Being in the know, and responding to real events, in real-time, is a natural inclination. Most people watch their sports live, and most people watch their news live too. And just as it's more exciting to stream a live event than it is to wait to watch it on-demand, many feel that the best data-driven insights are the ones acted upon as soon as the data -- especially from the Internet of Things (IoT) -- is generated.
The great data at-rest/data in-motion divide
But most query mechanisms are based on the paradigm of retrieving a subset of data that has already been inserted into a database -- akin to waiting for the evening news to finish airing, then waiting for it to download, and then viewing a particular segment or story from one's local hard drive.
And most analytics tools, visual or otherwise, are built on that rubric too: users drag and drop things into a visualization, with those actions generating a SQL or MDX query that returns some subset of the data already stored in a conventional database.
The reading of streaming data, meanwhile, has largely been based on some engine, triggering some piece of code, at the time that some piece of data arrives. So streaming data processing has been based on imperative code handling a row of data at a time, while conventional querying, and most BI tools, have been based on declarative code processing an entire set of data.
Bridging the gap
Such differences in tech are often referred to as impedance mismatches, a name that is quite apropos here, given how this mismatch has indeed impeded data-driven insight by business users, analysts and even Enterprise developers. It has also prevented them from realizing most of the benefit from IoT technologies.
Recently though, various streaming data platforms have implemented their own dialect of SQL, adapted to work over data that hasn't yet arrived. These dialects model the data stream as if it were a special table in a database. Essentially, the query becomes a filtered view of data as it arrives.
Support developers; tools come along for the ride
By merging the query and stream paradigms, developers familiar with SQL can start to work more ably with streaming data. But the perhaps more valuable part is that downstream data technologies, like drivers/connectors and BI tools themselves, can also also work more ably with streaming data. In other words, by conforming streaming data processing to conventional query mechanics and syntax, the associated ecosystem of data querying tools and technologies can, with with some engineering work, become streaming data tools themselves.
Apache Kafka, arguably the most popular open source streaming data platform, has added its own SQL dialect and interface, called KSQL. KSQL was first announced by Confluent -- the major commercial entity supporting Kafka -- in a blog post last August, and its general availability was announced just last month. As with other such dialects, it asks developers to adapt to the idea that the query's "result set" will be constantly changing. And if a visual analytics tool can adapt likewise, by continually updating visualizations returned by a query -- instead of rendering them statically -- it can be the downstream beneficiary of KSQL's power.
Coming to a desktop near you
With the release of Arcadia Instant for KSQL, one analytics vendor has attempted just such a transformation of its product, and has made it available for free. While Arcadia Data announced KSQL integration last month, it was limited to its Arcadia Enterprise product. Today, Arcadia is announcing similar integration for Arcadia Instant, the product's free version.

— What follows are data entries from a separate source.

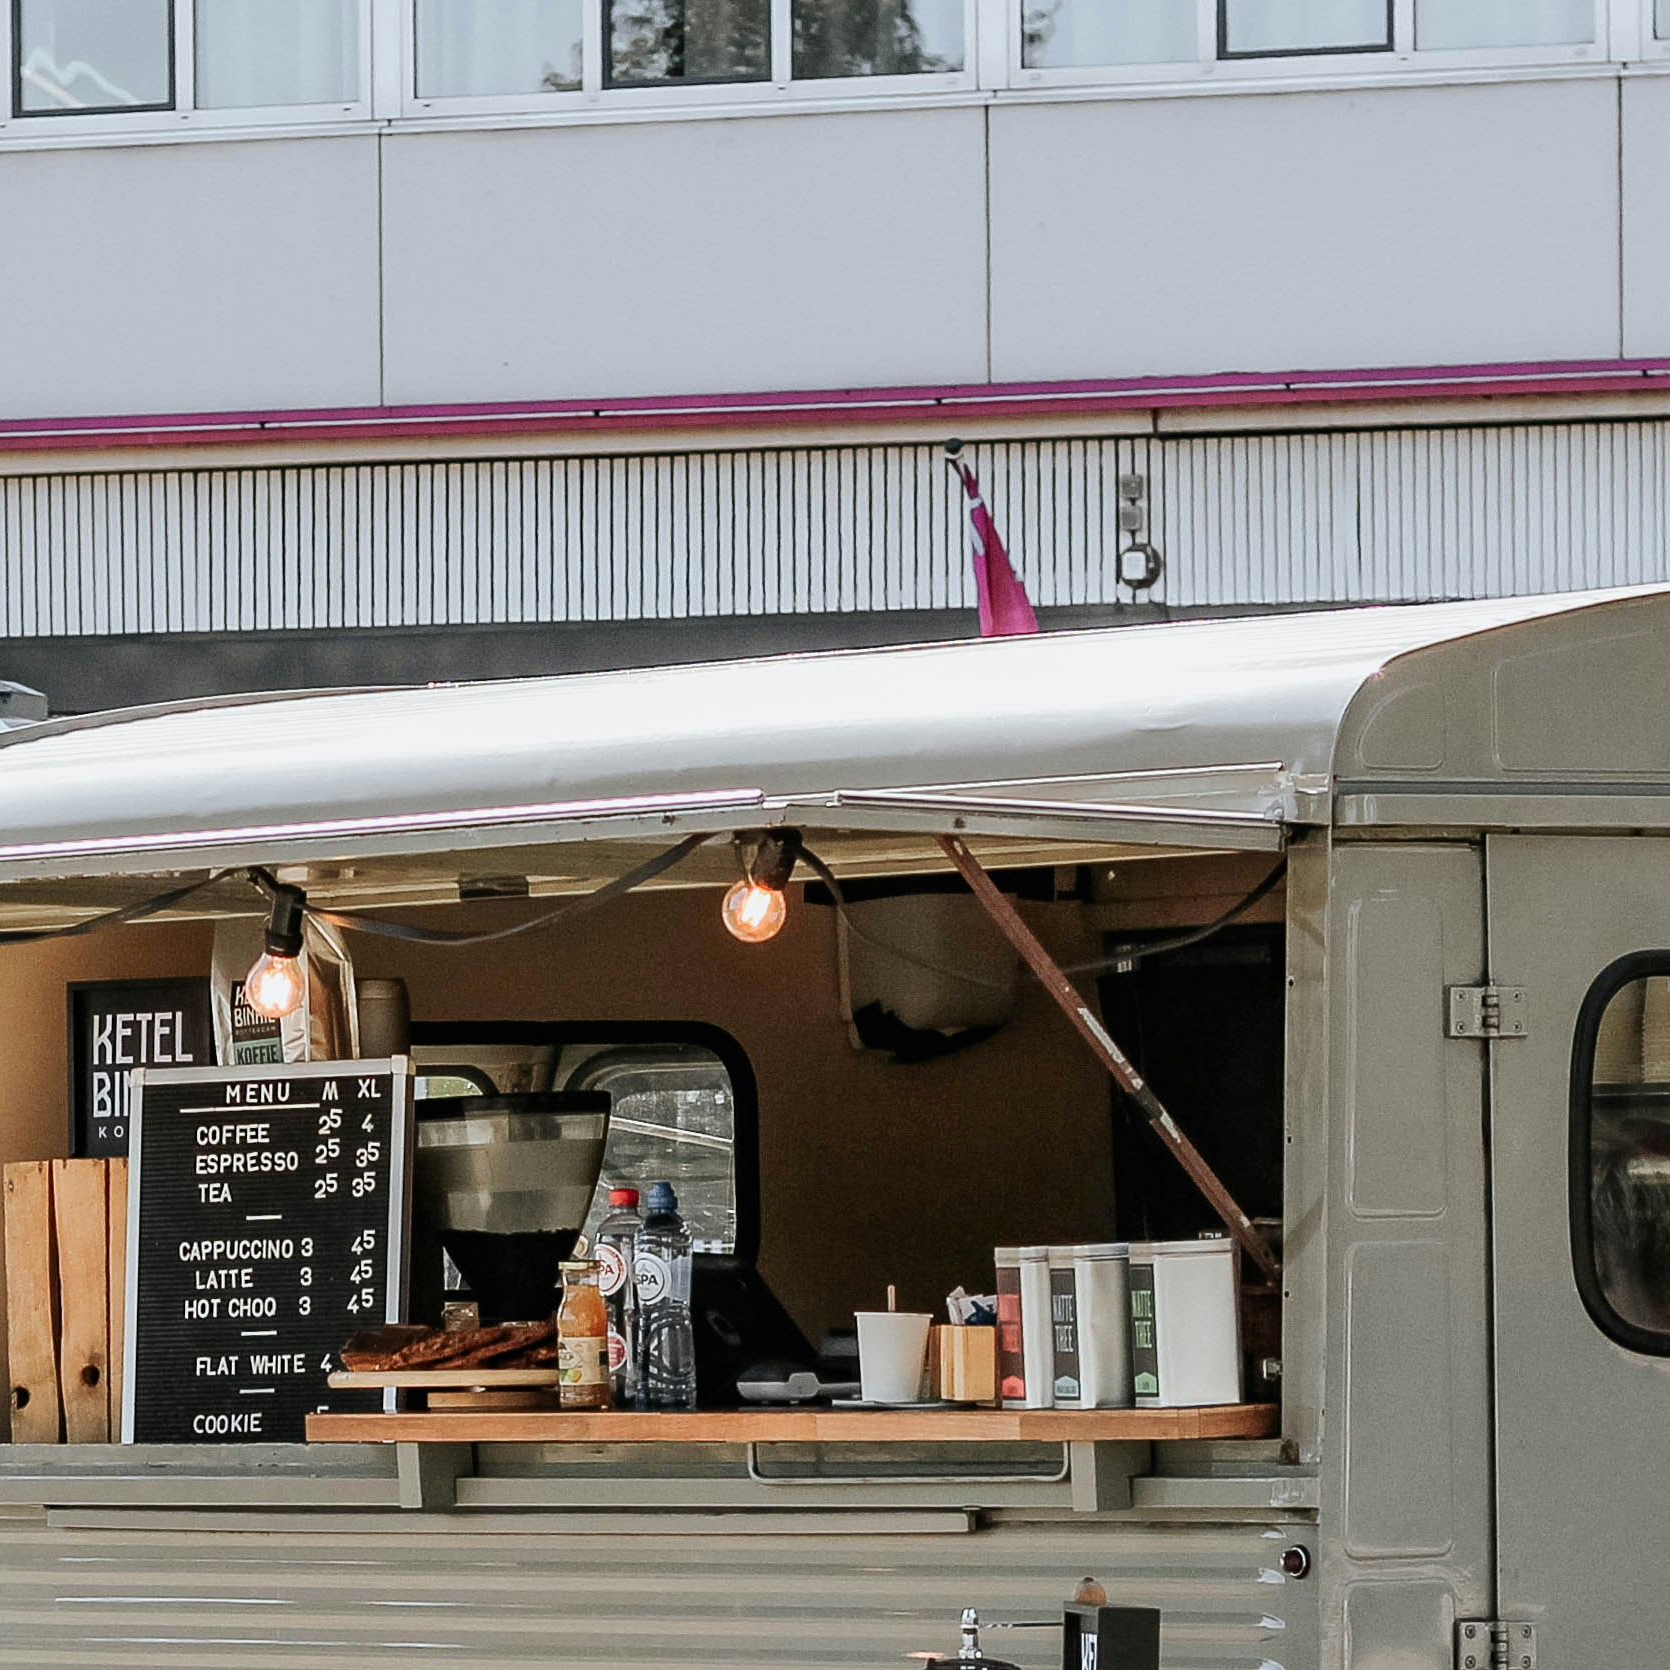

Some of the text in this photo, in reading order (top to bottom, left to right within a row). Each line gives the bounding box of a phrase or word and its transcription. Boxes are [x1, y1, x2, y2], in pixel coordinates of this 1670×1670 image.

[92, 1011, 194, 1065] KETEL
[236, 1044, 278, 1064] KOFFIE
[226, 1078, 381, 1104] MENU M XL
[196, 1123, 270, 1146] COFFEE
[361, 1113, 374, 1133] 4
[195, 1151, 299, 1175] ESPRESSO
[198, 1182, 232, 1203] TEA
[179, 1238, 294, 1262] CAPPUCCINO
[300, 1237, 314, 1258] 3
[195, 1267, 254, 1290] LATTE
[299, 1266, 313, 1286] 3
[184, 1298, 221, 1319] HOT
[298, 1295, 312, 1316] 3
[195, 1356, 239, 1377] FLAT
[250, 1353, 306, 1375] WHITE
[193, 1412, 263, 1434] COOKIE
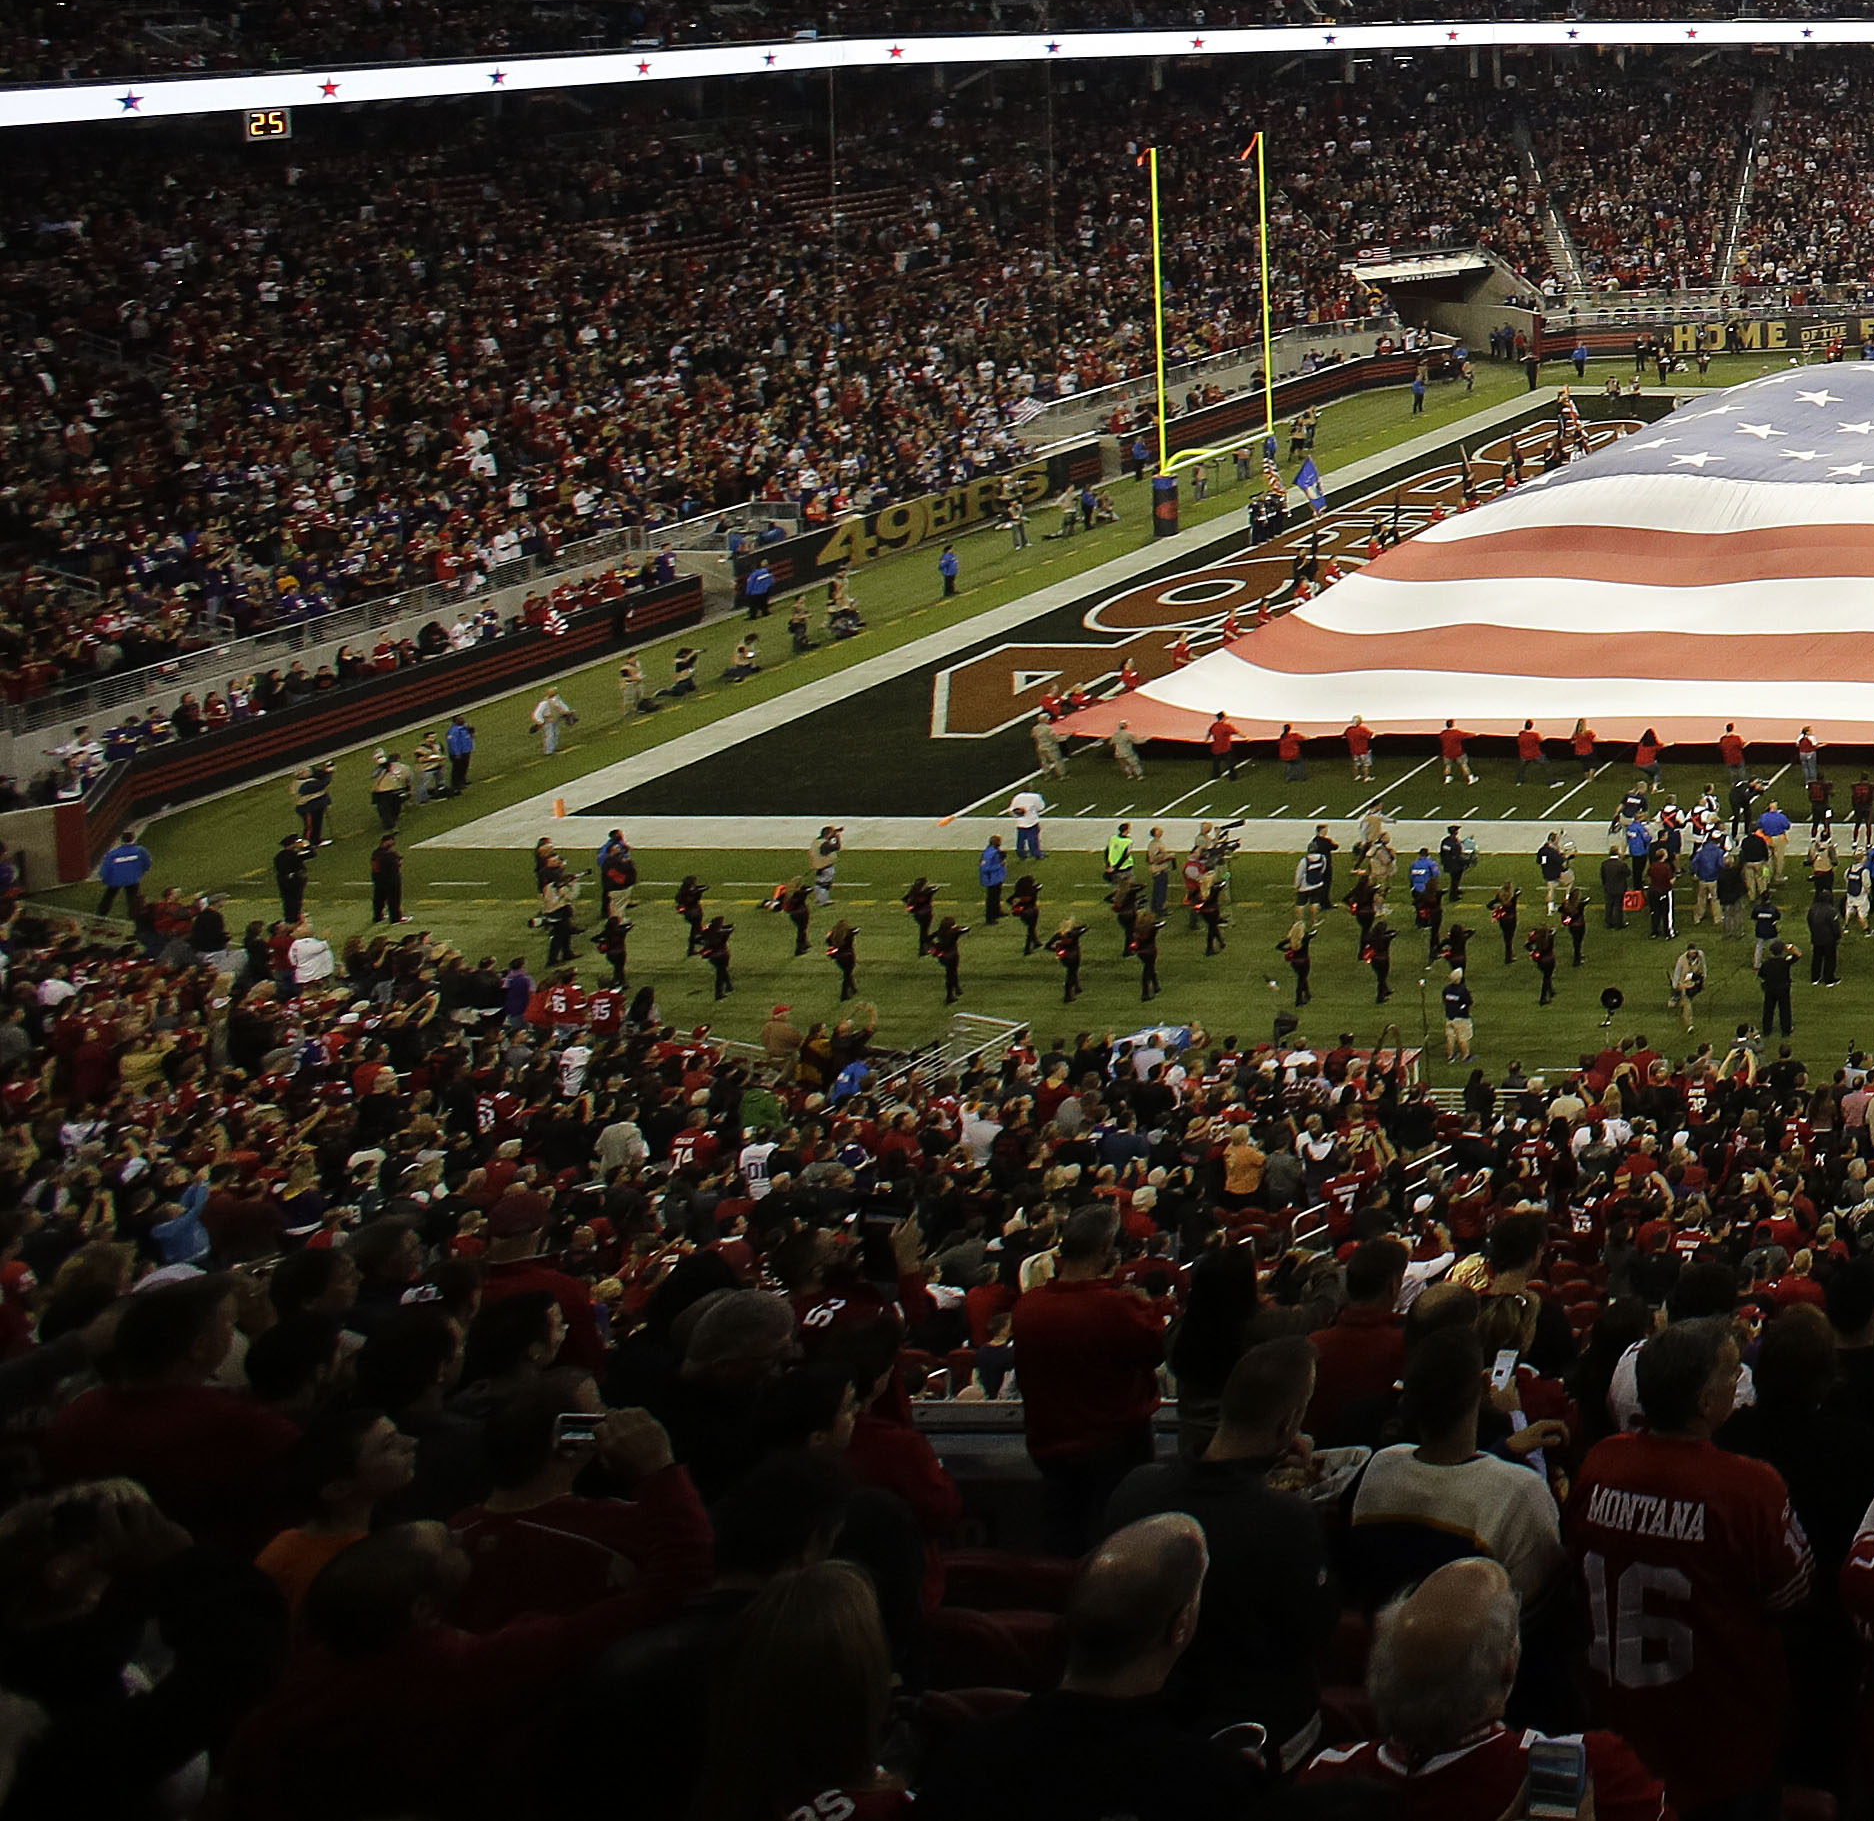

And while that lowers a big barrier to entry, Arcadia Instant for KSQL goes even further -- it gets users past the very real difficulty of setting up Kafka and KSQL in the first place. Rather than limiting the KSQL capabilities to users who can connect Arcadia Instant up to running Kafka and KSQL clusters, Arcadia has created a Docker container image that includes both, along with a streaming data source.
Once that container image -- also a free download -- is in place, users can just point Arcadia Instant at it, and test out the functionality, all on a desktop computer. Arcadia has also created a Getting Started guide, to help users get everything running. After all, most business users aren't Docker jockeys. All three components (the updated version of Arcadia Instant, the back-end Docker image and the Getting Started guide) should be available from a single Web page by the time you read this post.
In addition to the accommodations for business users in today's announcements, both they and the hardcore techies already using Arcadia Enterprise get some goodies too: Arcadia's KSQL integration has now added support for complex data types, including MAP and ARRAY data. It also gets a brand new feature called Time Warp that allows users to specify different time windows of data in the stream. This, in turn, allows viewing data in the recent past and permits users to "pause" and "replay" data from specific points in time.
I can't (yet) personally vouch for this solution, as Arcadia Data briefed me on, and allowed me to write about, it in advance of its release. I'm eager to download and install it though. I've been saying for years that streaming data processing won't become mainstream until developers and users can treat it as a special case of conventional query and analytics. If Arcadia has succeeded here, you can bet other vendors will follow suit. And then maybe digital transformation and data-driven decision making can proceed as more than aspirational concepts.